After recording the collapsibility of the IVC, the next task is to perform PW Doppler for assessment of the pattern of blood flow through the IVC. If the IVC vessel is relatively parallel to the axis of the ultrasound beam, PW Doppler of IVC flow can be recorded directly. Unfortunately, the typical view of the IVC on two-dimensional echo does not produce a sufficient Doppler shift for adequate blood flow assessment because the vessel is perpendicular to the ultrasound beam. It is therefore common practice to use a hepatic vein that drains into the IVC for the assessment of IVC blood flow.

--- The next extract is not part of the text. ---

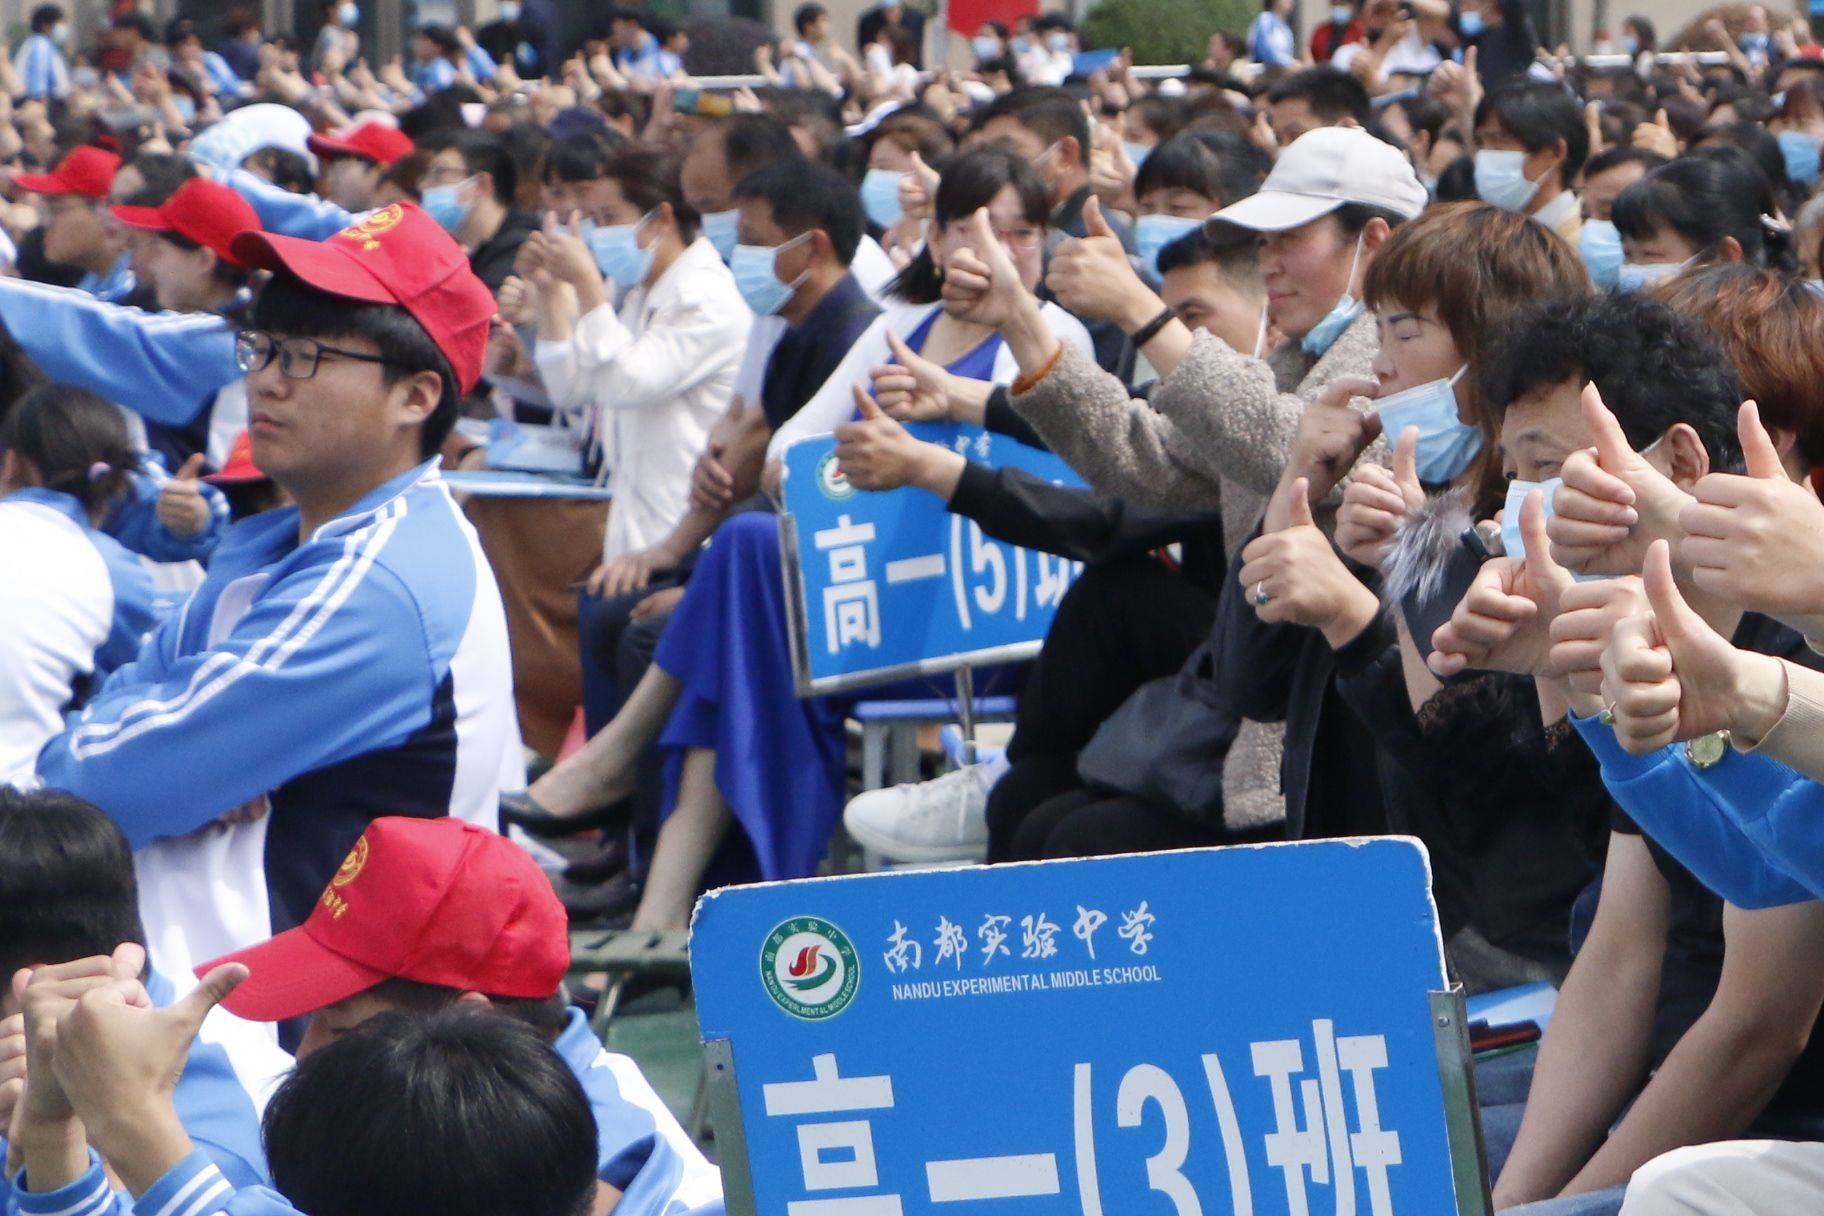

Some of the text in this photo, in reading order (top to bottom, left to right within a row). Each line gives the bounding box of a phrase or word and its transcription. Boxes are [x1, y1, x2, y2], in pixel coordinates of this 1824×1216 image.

The typical location of the hepatic vein is at or near the narrowest isthmus of the IVC and extending anteriorly from it, vertically on the image. The hepatic vein itself can be quite narrow in diameter and therefore can be more easily located with the aid of color Doppler. On color Doppler, the hepatic vein will be seen as a continuous, predominantly blue line of color, which varies with the patient’s respiration and at times turns red due to the reversal of blood flow with respiration and right atrial contraction or tricuspid regurgitation. If the color Doppler display of hepatic vein flow is difficult to see, it can be helpful to decrease the color Doppler scale and increase the gain until it becomes more visible.

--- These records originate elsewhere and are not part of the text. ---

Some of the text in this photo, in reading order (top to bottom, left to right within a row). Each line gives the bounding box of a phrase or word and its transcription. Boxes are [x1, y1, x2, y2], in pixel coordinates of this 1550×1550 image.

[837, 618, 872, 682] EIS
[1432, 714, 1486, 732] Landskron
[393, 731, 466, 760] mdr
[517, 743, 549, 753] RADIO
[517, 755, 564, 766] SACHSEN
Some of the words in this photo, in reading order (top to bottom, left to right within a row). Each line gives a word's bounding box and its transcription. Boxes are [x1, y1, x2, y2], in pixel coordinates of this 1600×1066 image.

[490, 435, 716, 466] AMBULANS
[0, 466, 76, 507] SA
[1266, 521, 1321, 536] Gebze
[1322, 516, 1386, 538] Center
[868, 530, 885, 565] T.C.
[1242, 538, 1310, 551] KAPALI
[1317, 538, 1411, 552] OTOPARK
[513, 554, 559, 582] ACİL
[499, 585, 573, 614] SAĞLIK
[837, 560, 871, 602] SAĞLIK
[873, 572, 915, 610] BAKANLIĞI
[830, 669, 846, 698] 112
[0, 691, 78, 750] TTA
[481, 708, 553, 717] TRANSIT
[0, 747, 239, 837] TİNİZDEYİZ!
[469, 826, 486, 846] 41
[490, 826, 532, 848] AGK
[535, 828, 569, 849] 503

Place the PW Doppler sample volume within the hepatic vein and record the spectral Doppler pattern at a chart speed that allows for at least one respiratory cycle, usually 50 mm/sec or less. Since IVC and hepatic vein blood flow is slow, it is usually necessary to adjust the spectral Doppler filter so that the tracing is recorded all the way to the baseline. Adjust the spectral Doppler scale and baseline so that the velocity profile fits within the borders of the chart. Respiration often causes the hepatic vein to drift from the fixed sample volume point and it may be necessary to follow it by moving the transducer or track ball in concert with the respiratory cycle, which can be quite a difficult maneuver. When it is impossible to record spectral Doppler due to respiratory influences, it becomes necessary to have the patient suspend respiration.
Non-visualization of the IVC and hepatic vein is a rare occurrence and an annotation should be made if it could not be recorded. Occasionally, the only available hepatic vein empties directly into the right atrium, which can be recorded in the same way. A good backup view to the IVC/hepatic vein blood flow is to locate and visualize the superior vena cava from the suprasternal notch, outlined in a later section of this book.
If the patient is on mechanical ventilation, there is no negative pressure generated within the thorax to cause IVC collapse. When recording the IVC in this situation, a notation should be made on the clip such as, “On Vent”, so that the reading physician knows.